As we have seen with flu trends, sometimes the “interesting” knowledge that can be extracted is well-concealed until comparisons can be made with other sources, as it was the correlation between some search terms and the real-world data that mattered.

Of course Google has not revealed which search terms it analysed because doing so would undermine the model’s effectiveness.

Unfortunately it is being equally reticent about how it has ensured that the data its uses is properly anonymised so that users cannot be identified on the basis of their queries.

A letter from the Electronic Privacy Information Center (EPIC) and Patient Privacy Rights to Google boss Eric Schmidt has not been answered, leaving those concerned with online privacy uncertain over the broader implications of the project.

But as Cade Metz points out in an insightful article in The Register, we may all be happy to know that a ‘flu outbreak is coming, but what happens when the disease involved is more life-threatening and the government asks Google for the names and IP addresses of anyone whose search terms indicate that they are infected?

It’s not that I don’t trust Google. I don’t trust any company, government department or individual without a good reason to do so.

In the case of search engines that claim to protect my privacy I want to know just how they do it and will not accept vague reassurances.

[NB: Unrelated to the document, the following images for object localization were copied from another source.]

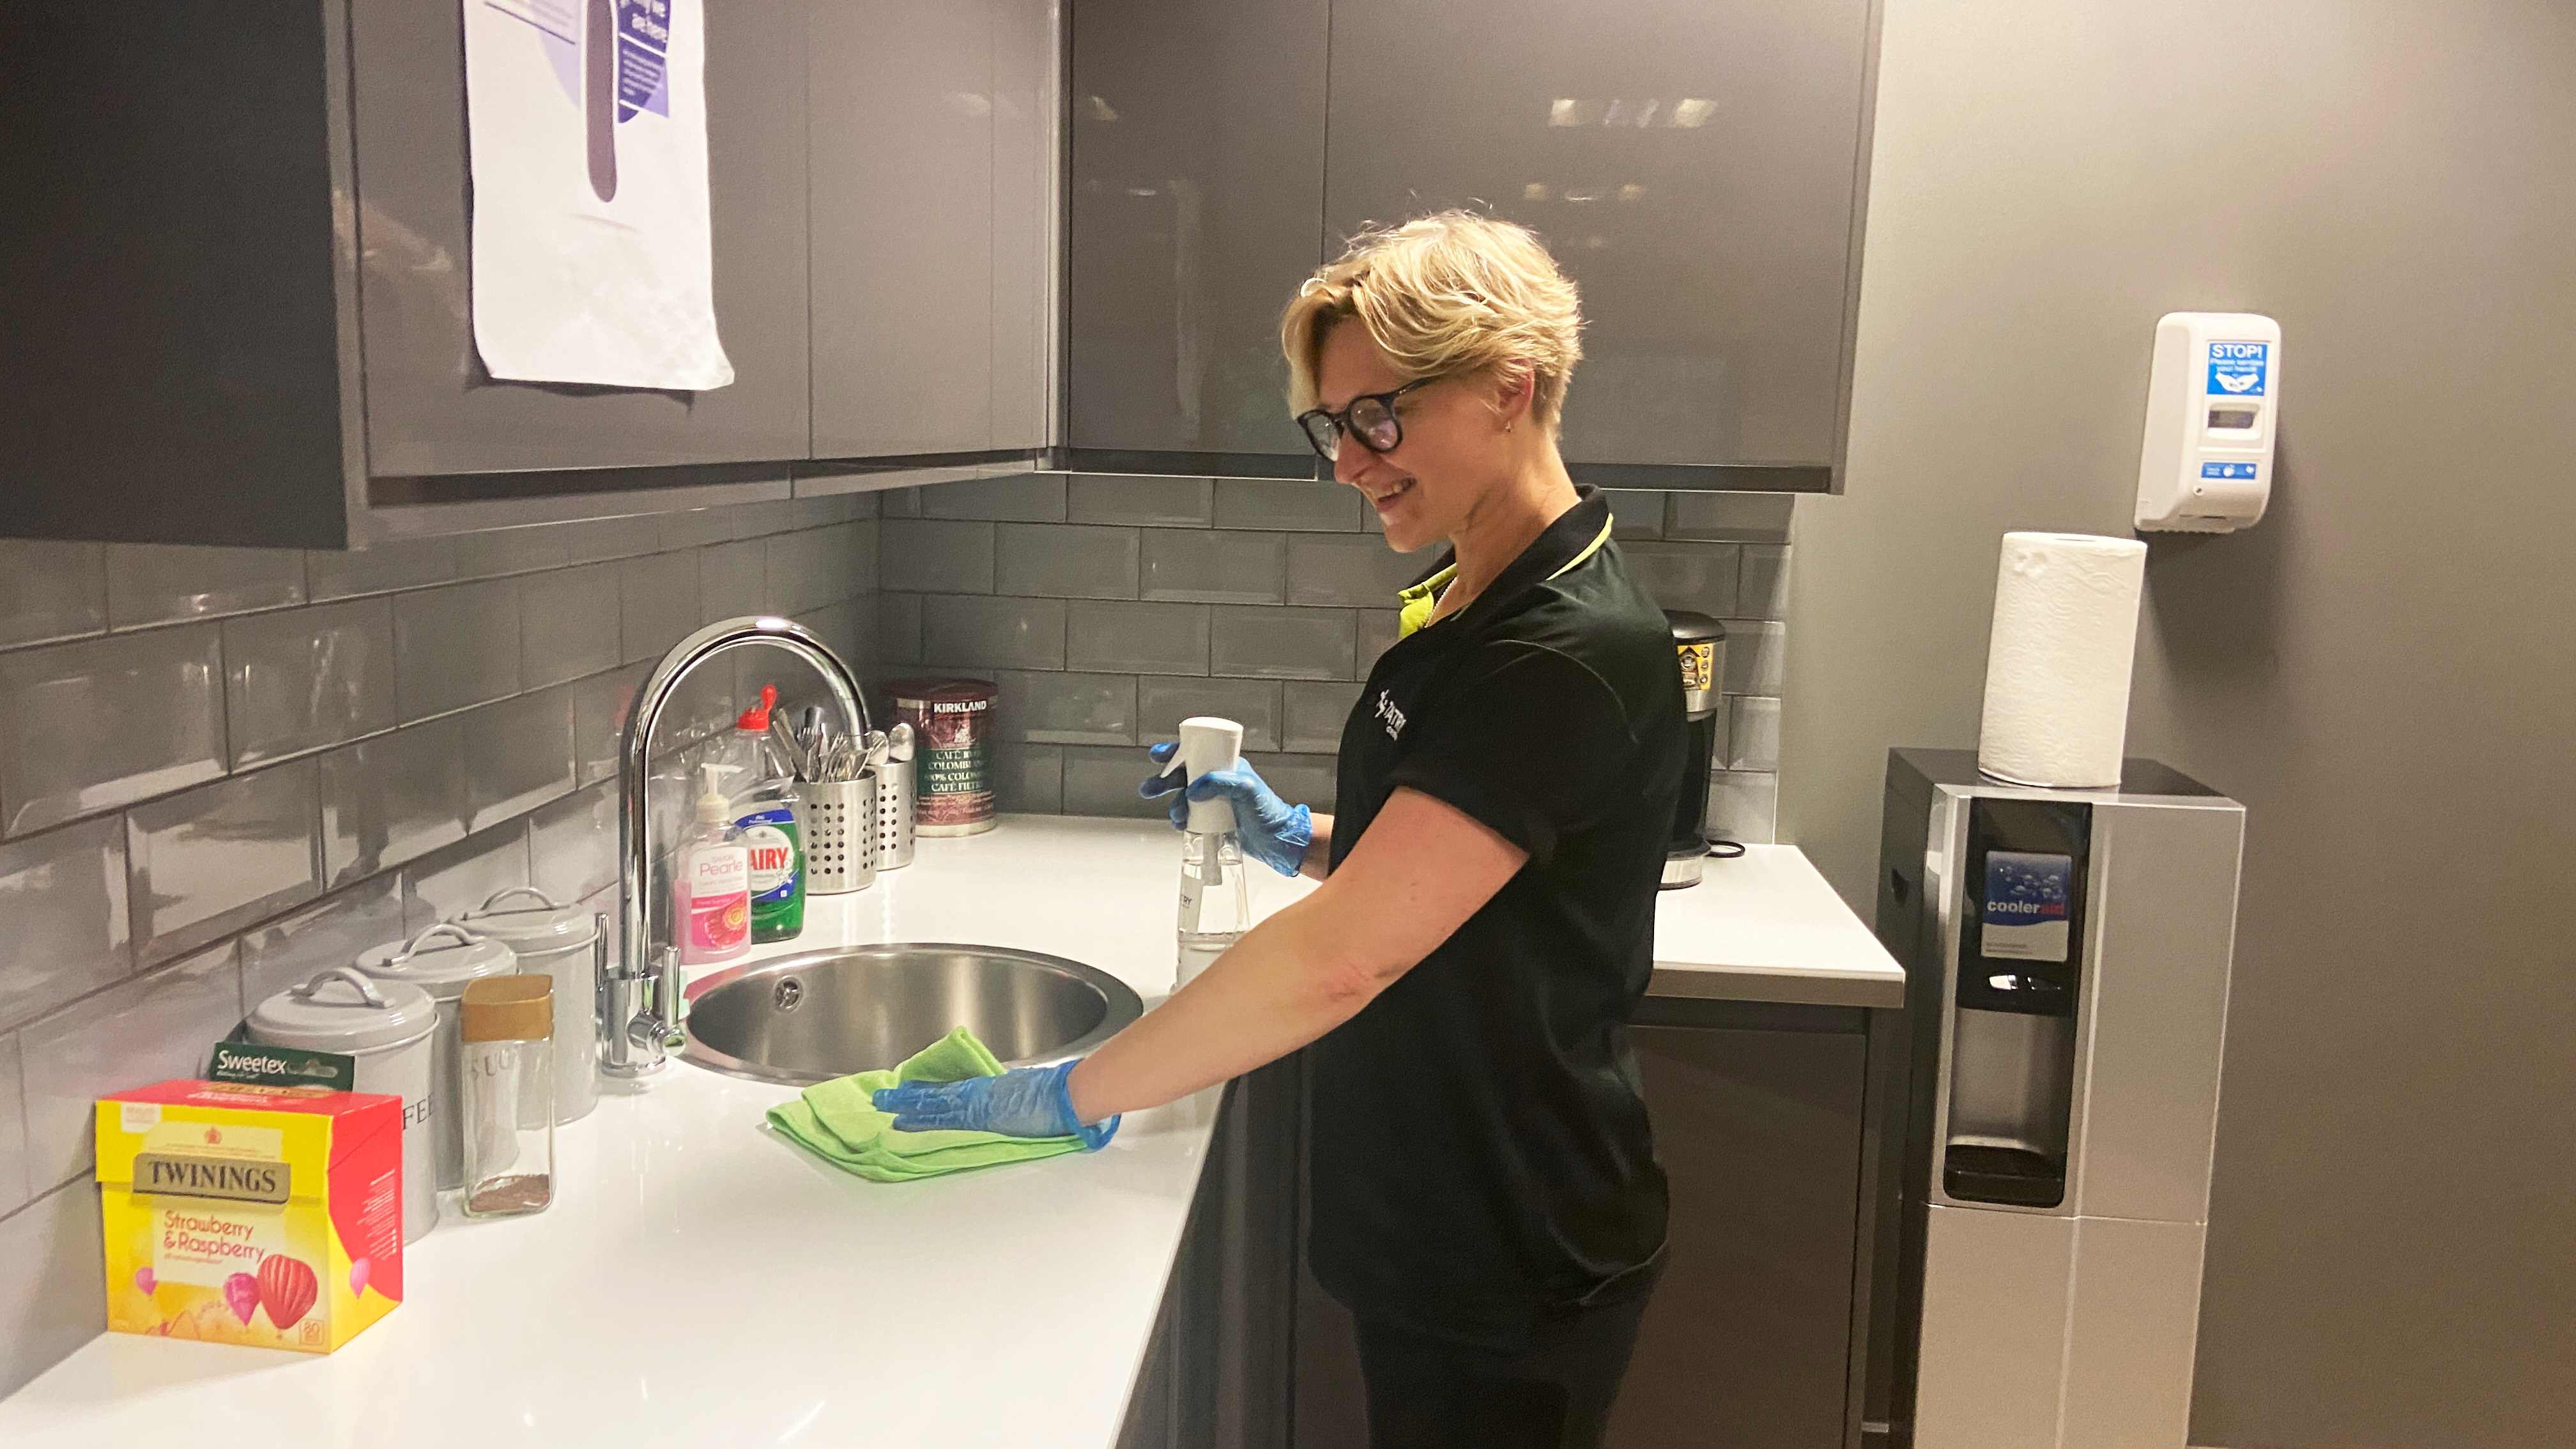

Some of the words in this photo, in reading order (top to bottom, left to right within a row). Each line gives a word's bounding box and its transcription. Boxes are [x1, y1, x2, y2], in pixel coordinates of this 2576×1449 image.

[2212, 344, 2263, 358] STOP!
[933, 700, 987, 713] KIRKLAND
[700, 860, 743, 877] Pearle
[749, 847, 789, 870] AIRY
[217, 1050, 286, 1075] Sweetex
[148, 1160, 276, 1193] TWININGS
[164, 1209, 254, 1241] Strawberry
[164, 1230, 176, 1248] &
[178, 1232, 264, 1263] Raspberry

New Labour’s database nation

Cory Doctorow is one of this country’s most valuable immigrants. But, as this scarifying essay reveals, he will be leaving if Brown’s ID Card scheme is implemented.

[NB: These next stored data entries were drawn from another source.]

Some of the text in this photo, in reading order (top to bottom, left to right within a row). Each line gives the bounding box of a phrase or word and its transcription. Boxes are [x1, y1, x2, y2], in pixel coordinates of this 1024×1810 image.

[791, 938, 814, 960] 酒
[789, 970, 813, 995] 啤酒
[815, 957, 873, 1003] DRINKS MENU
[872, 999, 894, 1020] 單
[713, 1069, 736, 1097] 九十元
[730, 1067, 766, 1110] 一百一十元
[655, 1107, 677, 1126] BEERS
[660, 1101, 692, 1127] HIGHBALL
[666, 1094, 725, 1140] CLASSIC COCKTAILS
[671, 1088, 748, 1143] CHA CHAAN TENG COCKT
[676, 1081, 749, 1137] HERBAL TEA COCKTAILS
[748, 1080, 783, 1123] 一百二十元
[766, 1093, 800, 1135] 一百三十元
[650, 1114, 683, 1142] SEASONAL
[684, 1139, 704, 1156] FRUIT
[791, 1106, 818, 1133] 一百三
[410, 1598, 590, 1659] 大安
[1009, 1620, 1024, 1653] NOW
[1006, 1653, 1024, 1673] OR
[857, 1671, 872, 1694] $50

A few years later, I was living with my partner, and had fathered a British daughter (when I mentioned this to a UK immigration official at Heathrow, he sneeringly called her “half a British citizen”). We were planning a giant family wedding in Toronto when the news came down: the Home Secretary had unilaterally, on 24 hours’ notice, changed the rules for highly skilled migrants to require a university degree…

My partner and I scrambled. We got married. We applied for a spousal visa. A few weeks later, I presented myself in Croydon at the Home Office immigration centre to turn over my biometrics and have a visa glued into my Canadian passport. I got two years’ breathing room. My family could stay in Britain.

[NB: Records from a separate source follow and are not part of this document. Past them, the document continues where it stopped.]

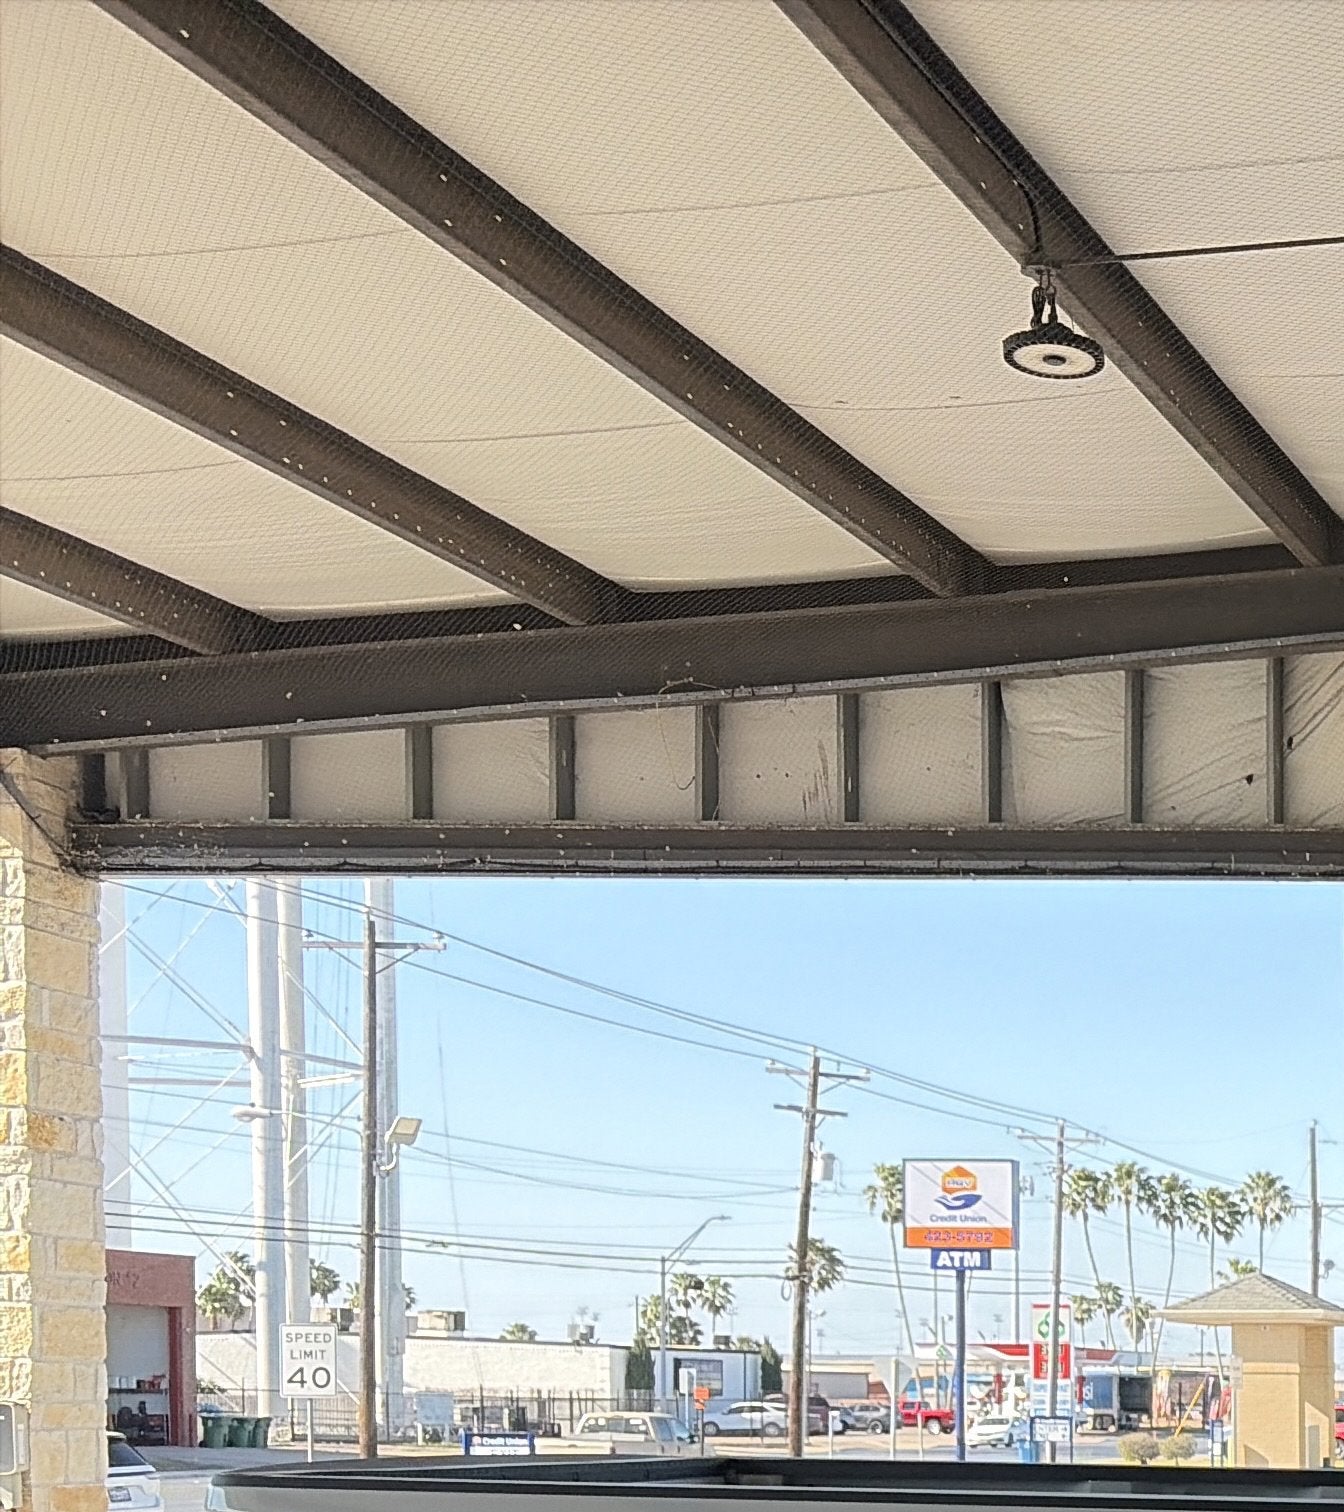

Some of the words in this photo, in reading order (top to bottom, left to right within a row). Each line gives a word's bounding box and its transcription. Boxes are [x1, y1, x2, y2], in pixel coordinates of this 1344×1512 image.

[929, 1214, 958, 1223] Credit
[959, 1214, 988, 1223] Union
[936, 1251, 981, 1267] ATM
[285, 1332, 332, 1343] SPEED
[290, 1349, 327, 1360] LIMIT
[287, 1366, 331, 1388] 40

Then came last week’s announcement: effective immediately, spousal visa holders (and foreign students) would be issued mandatory, biometric radio-frequency ID papers that we will have to carry at all times. And I started to look over my shoulder…

Now, we immigrants are to be the beta testers for Britain’s sleepwalk into the surveillance society. We will have to carry internal passports and the press will say, “If you don’t like it, you don’t have to live here – it’s unseemly for a guest to complain about the terms of the hospitality.” But this beta test is not intended to stop with immigrants. Government freely admits that immigrants are only the first stage of a universal rollout of mandatory biometric RFID identity cards. What happens to us now will happen to you, next.

Not me, though. If the government of the day when I renew my visa in 2010 requires that I carry these papers as a condition of residence, the Doctorows will again leave their country and find a freer one. My wife – born here, raised here, with family here – is with me. We won’t raise our British daughter in the database nation. It’s not safe.”

I’ve never voted Tory in my life, but next time I will if this proposal isn’t dropped. And so, I hope, will most of the country.

Many thanks to Ray Corrigan for pointing me to Cory’s article, which I’d missed in all the guff about the banking crisis.